27 junho — 26 julho 2026 — Parque Industrial da Feiteirinha · Aljezur
O Teatro de Palha regressa, depois de um ano de interregno, atravessado por uma pergunta simples: o que fazemos com aquilo que pesa? Com o peso das memórias, das histórias, dos afectos, dos objectos, das paisagens e do próprio tempo.
Feito de palha, luz, vento e noite, este teatro efémero volta a erguer-se em Aljezur como um lugar de encontro e transformação. Durante algumas semanas, artistas e públicos partilham músicas, filmes, refeições, corpos em movimento e histórias vindas de diferentes geografias, procurando talvez maneiras de carregar juntos aquilo que o mundo tantas vezes torna difícil sustentar sozinho.
Há neste programa figuras em fuga, crianças que descobrem o mundo, comunidades deslocadas, objectos que ganham vida, músicos que atravessam culturas e paisagens humanas marcadas pela memória e pela resistência.
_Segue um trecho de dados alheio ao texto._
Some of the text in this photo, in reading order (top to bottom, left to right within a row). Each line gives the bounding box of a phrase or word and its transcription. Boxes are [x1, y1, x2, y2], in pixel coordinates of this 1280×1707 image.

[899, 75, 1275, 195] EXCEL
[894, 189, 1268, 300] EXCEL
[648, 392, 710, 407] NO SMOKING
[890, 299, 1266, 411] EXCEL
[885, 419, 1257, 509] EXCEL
Há concertos onde os ritmos se misturam como territórios vivos, filmes que interrogam a violência política e ecológica do presente, e espectáculos onde o humor, o absurdo e a ternura se tornam formas de continuar.
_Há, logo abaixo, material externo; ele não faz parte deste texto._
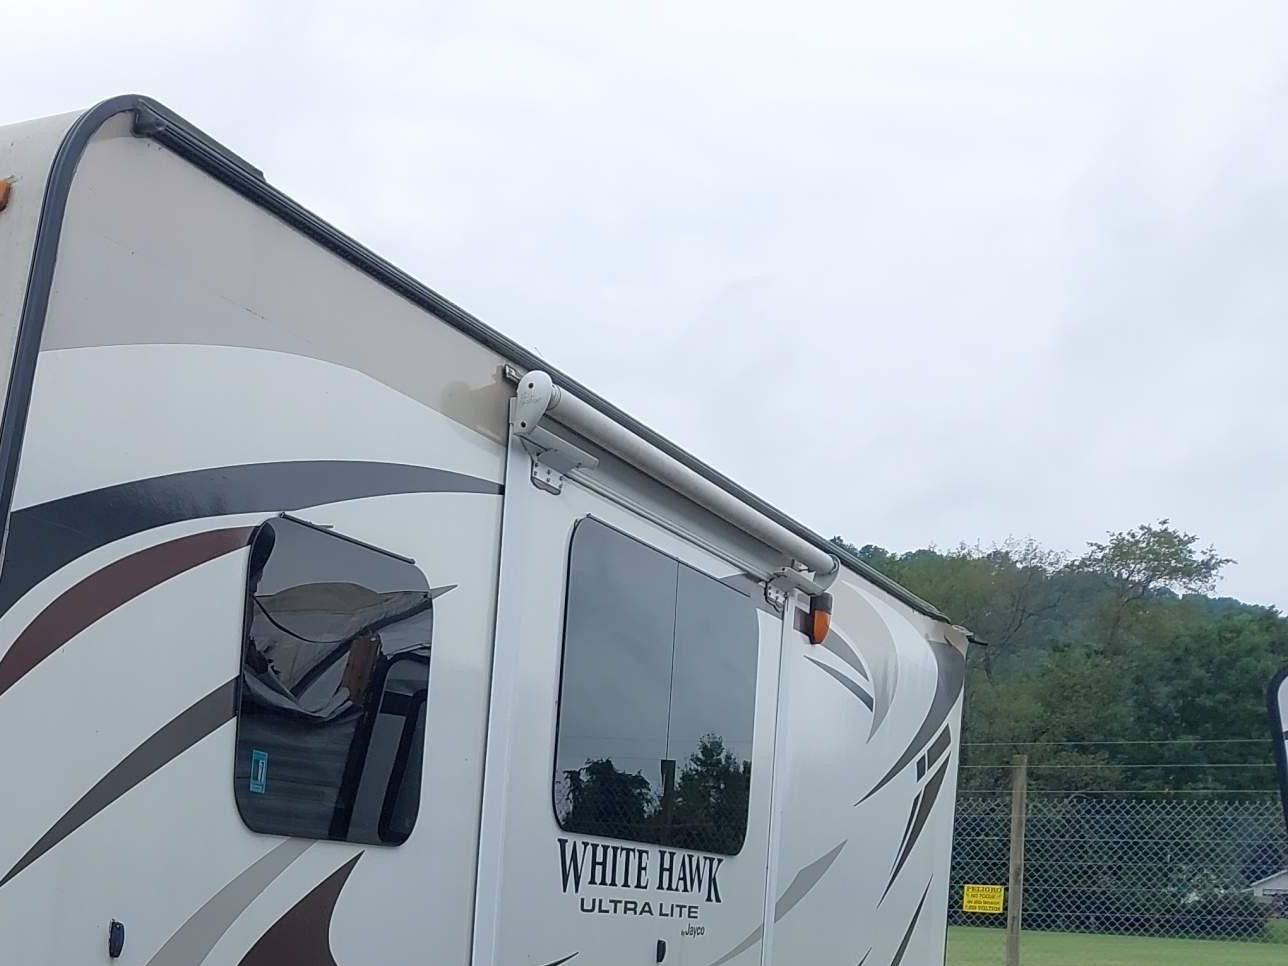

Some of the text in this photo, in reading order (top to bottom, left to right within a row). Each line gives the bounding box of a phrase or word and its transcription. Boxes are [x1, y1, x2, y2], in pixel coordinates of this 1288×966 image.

O ciclo de cinema, com curadoria de Candela Varas, volta a atravessar esta edição. Dos futuros inquietantes de Arco às memórias políticas de O Agente Secreto passando pelo apelo pacifista de John Lennon e Yoko Ono em One to One: John & Yoko, os filmes propõem diferentes formas de olhar o mundo e aquilo que nele permanece profundamente humano.
A Orquestra do Algarve devolve ao cinema mudo de Buster Keaton o diálogo antigo entre imagem e música ao vivo. Terrakota e a Orquestra de Jazz do Algarve lembram-nos que a música pode ser um lugar de travessia, mistura e liberdade. Em 400 gramas para partilhar, cozinhar e comer tornam-se gesto artístico colectivo. E em Chão de Meninos, a infância reaparece como força de imaginação capaz de reinventar o espaço e o mundo. O teatro, a dança e o novo circo trazem-nos corpos em desequilíbrio, humor, poesia e estranhas formas de beleza, como em Par le Boudu, Barolosoul’O ou People.
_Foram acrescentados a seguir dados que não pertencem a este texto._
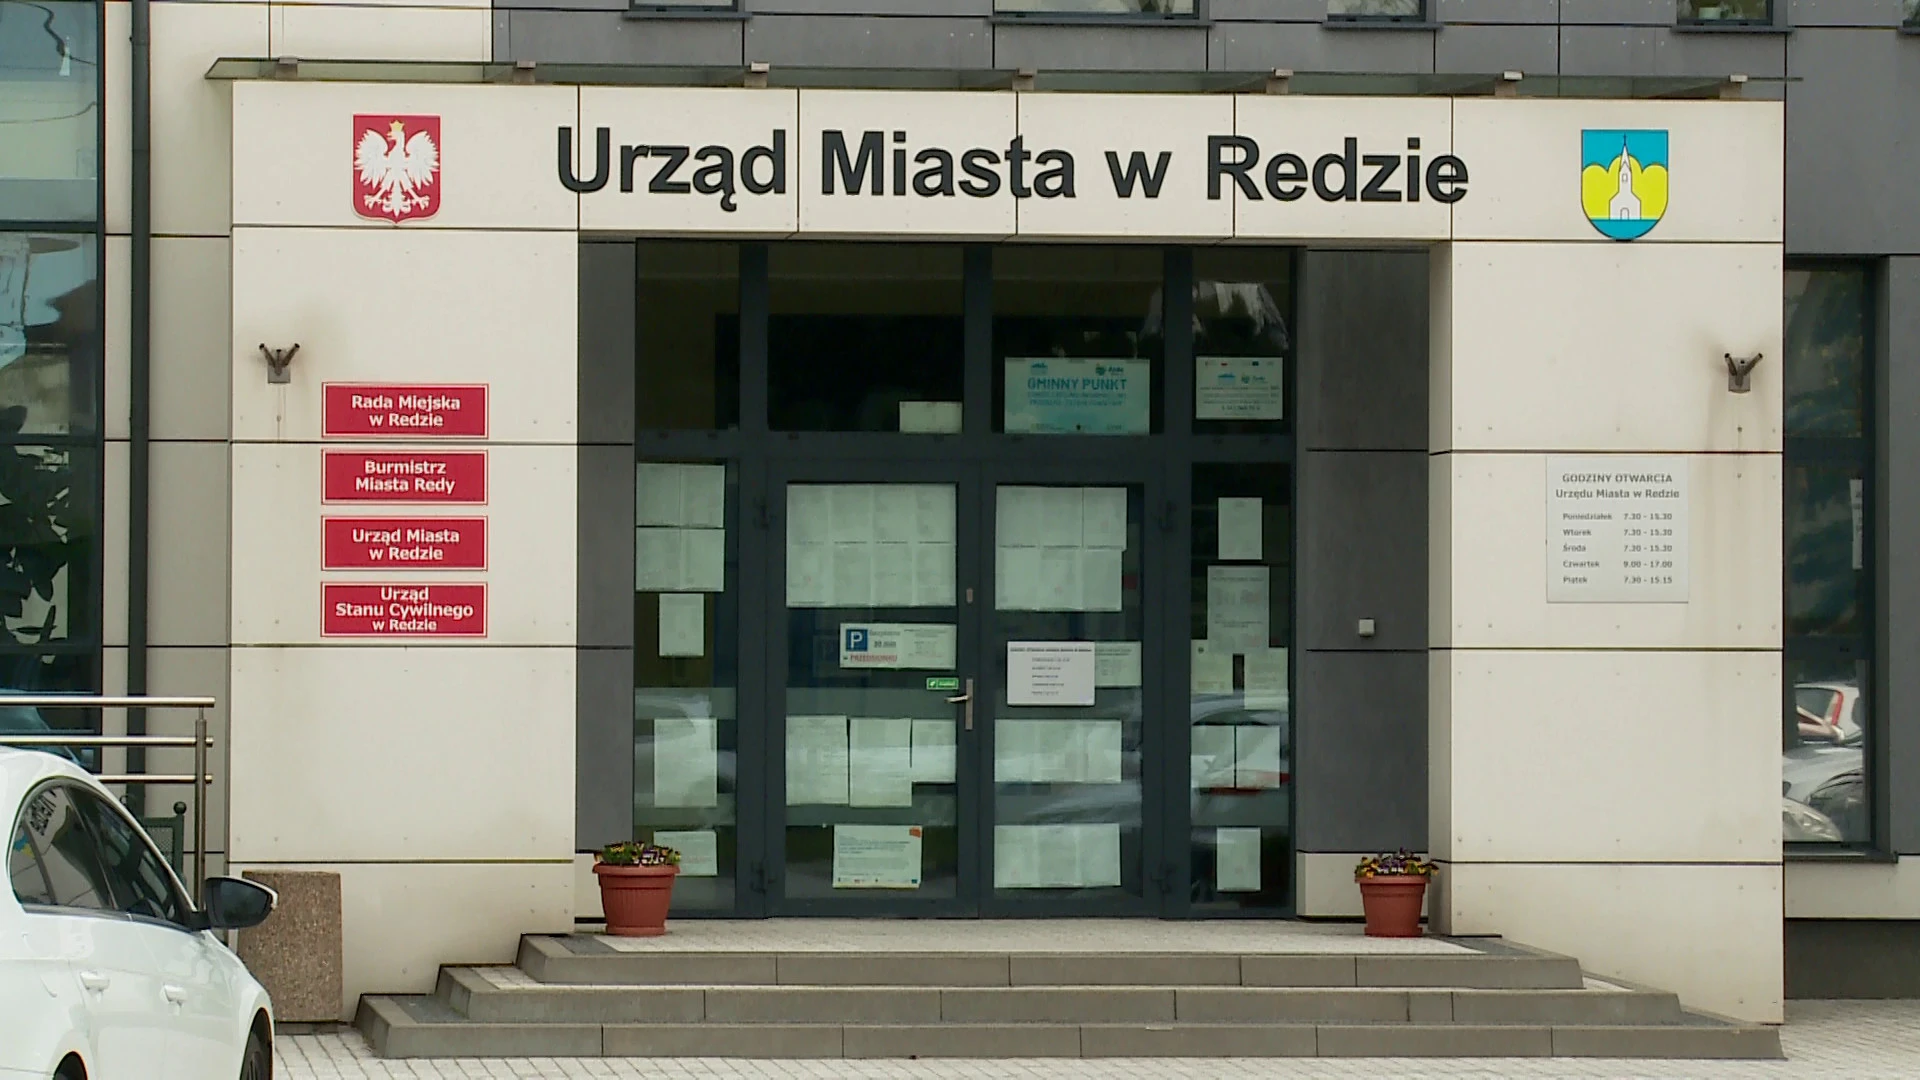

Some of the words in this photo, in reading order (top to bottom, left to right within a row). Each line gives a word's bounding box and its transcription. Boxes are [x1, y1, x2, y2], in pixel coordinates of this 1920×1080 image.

[558, 126, 787, 212] Urząd
[821, 129, 1076, 198] Miasta
[1104, 151, 1172, 199] w
[1207, 135, 1469, 204] Redzie
[1027, 377, 1079, 390] GMINNY
[1082, 378, 1128, 391] PUNKT
[351, 395, 393, 409] Rada
[398, 395, 461, 411] Miejska
[369, 415, 384, 426] w
[388, 412, 443, 426] Redzie
[364, 460, 446, 475] Burmistrz
[355, 477, 409, 491] Miasta
[414, 478, 455, 494] Redy
[1562, 473, 1612, 483] GODZINY
[1615, 473, 1673, 483] OTWARCIA
[1555, 488, 1593, 500] Urzędu
[1596, 488, 1630, 498] Miasta
[1645, 488, 1680, 498] Redzie
[352, 528, 401, 545] Urząd
[406, 528, 460, 542] Miasta
[369, 548, 384, 560] w
[388, 546, 443, 560] Redzie
[380, 586, 429, 603] Urząd
[335, 602, 384, 616] Stanu
[389, 602, 474, 620] Cywilnego
[371, 620, 385, 631] w
[389, 618, 437, 632] Redzie
Construído mais uma vez com a cumplicidade de agricultores locais e imaginado por Pedro Quintela, o Teatro de Palha continua a afirmar-se como uma arquitectura sensível e temporária onde arte, território e comunidade se encontram - talvez para lembrar que aquilo que pesa também pode ser dançado, cantado, partilhado e transformado em experiência comum.